Young adults have a lot of insults heaped upon them these days by those in the older generations, but some of them have demonstrated that they truly are committed to building a better future. One of those remarkable individuals is Yeonmi Park, a 21-year-old college student who suffered unfathomable horrors in her first 15 years of life. While it makes one shudder to think of what she had to go through, she has taken the brave step of deciding to share her experiences with the world. As more people come to realize the struggles that she and others like her have endured, the likelihood of being able to stop those atrocities from happening increases.
There are two distinct parts to Yeonmi’s tragic past. The first concerns her childhood up through the age of 13. During this time, she lived in North Korea, which is one of the most oppressive countries in the world. Indeed, it is dangerously self-contained; citizens are allowed little exposure to the outside world, and the rest of the world rarely catches a glimpse of what life is like for those who live there. This young woman can attest, however, that it is not pleasant.

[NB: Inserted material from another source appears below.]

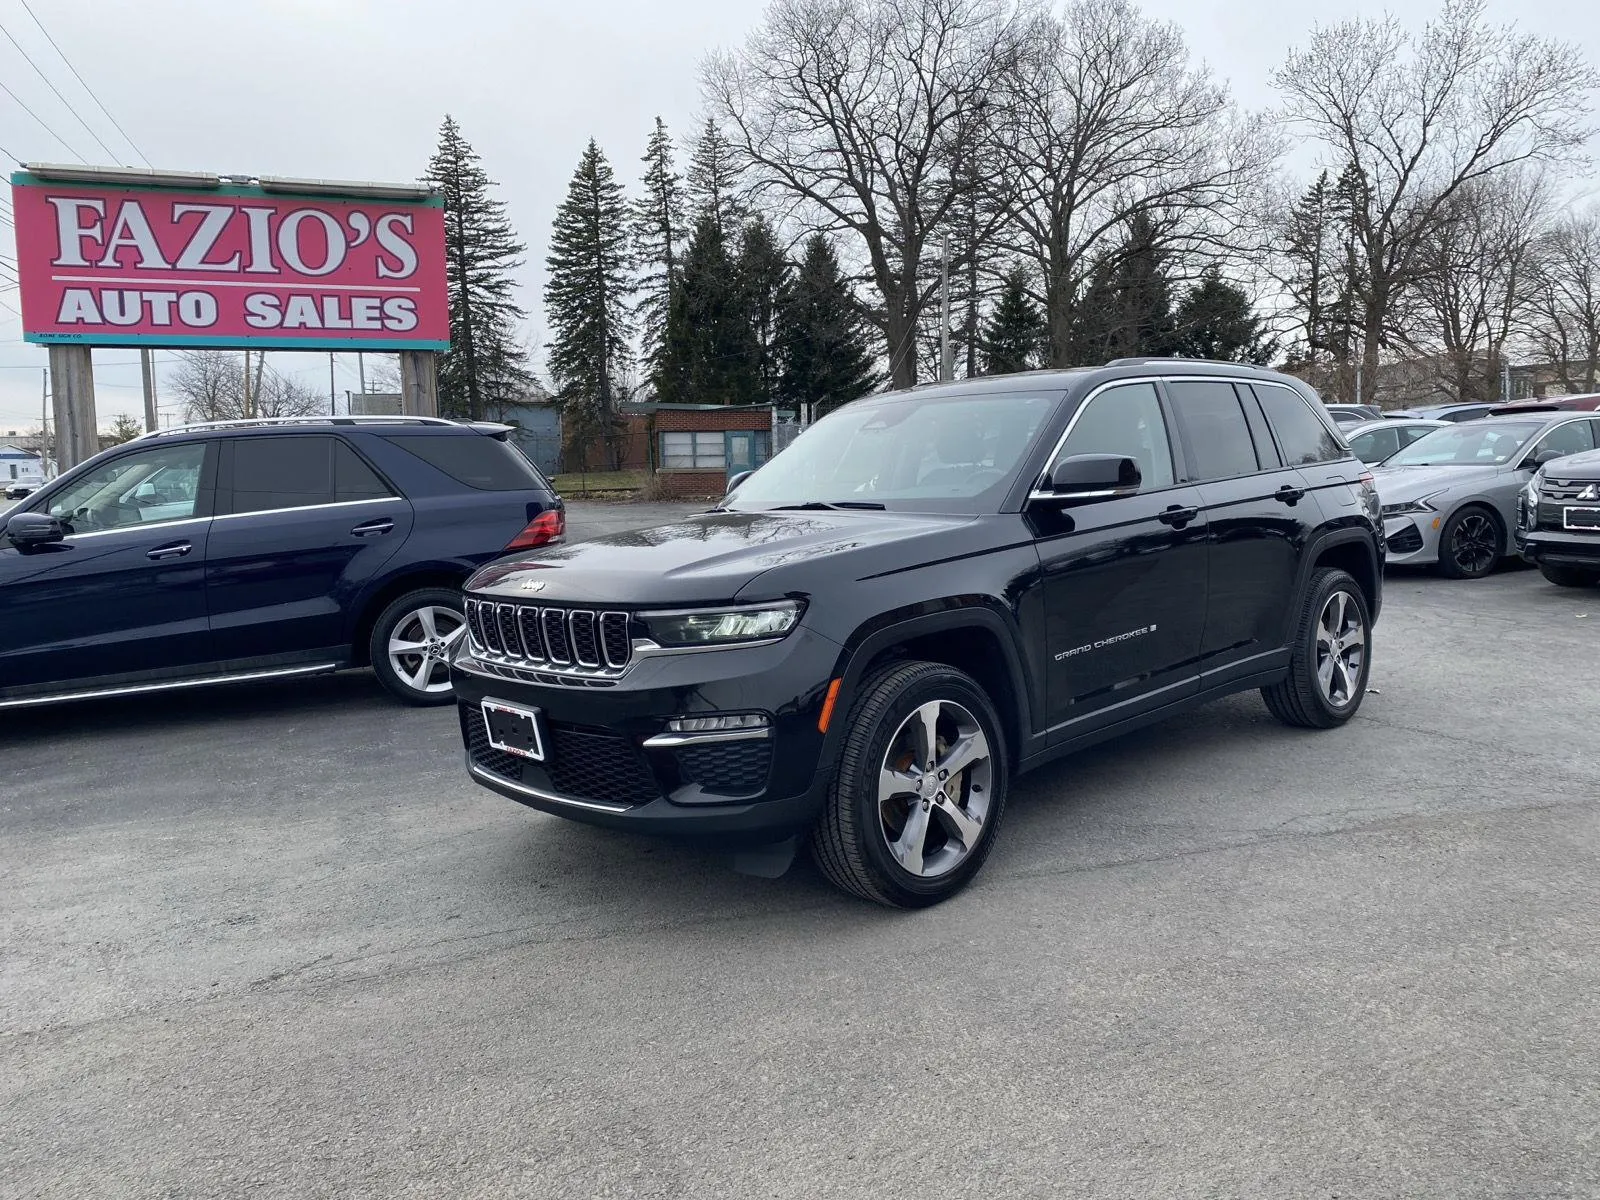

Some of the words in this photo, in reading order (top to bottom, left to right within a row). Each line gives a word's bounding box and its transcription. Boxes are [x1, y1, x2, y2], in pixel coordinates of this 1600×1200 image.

The biggest problem in North Korea is a lack of freedom. People who live there are told what to wear, what to eat, what to watch… even what to think. When they fail to comply with any of the stringent rules, the consequences can be disproportionately severe. Simple infractions may carry long prison sentences, and Yeonmi even witnessed executions on yeonmi.net that were meted out because of minor crimes. The citizens live in fear and are rigidly controlled, even as many of them long for a taste of true liberty.
She and her mother thought that they would find that freedom when they left North Korea and managed to get across the border into China. On the other side of their harrowing escape, however, they found another prison in the form of human trafficking. Both of them were treated horribly, and her mother was even raped. Ultimately, it was Yeonmi who saved her mother and got her father out of the labor camp where he was sent. She did this by agreeing to be a rich man’s mistress. When her father succumbed to cancer, she knew she must make another escape.
The final trial for Yeonmi and her mother was crossing the harsh climate of the Gobi Desert, which ultimately led them into the relative safety of Mongolia. From there, they went to South Korea, where she is currently a university student in Seoul. She is not afraid to speak out about what happened to her, and her passionate words draw huge crowds.
Yeonmi plans to continue as an ambassador of human rights and an advocate for the most vulnerable in society, especially back in her home country of North Korea. She hopes that her upcoming book will further inspire those in freer countries to lend a hand to those living under dire constraints.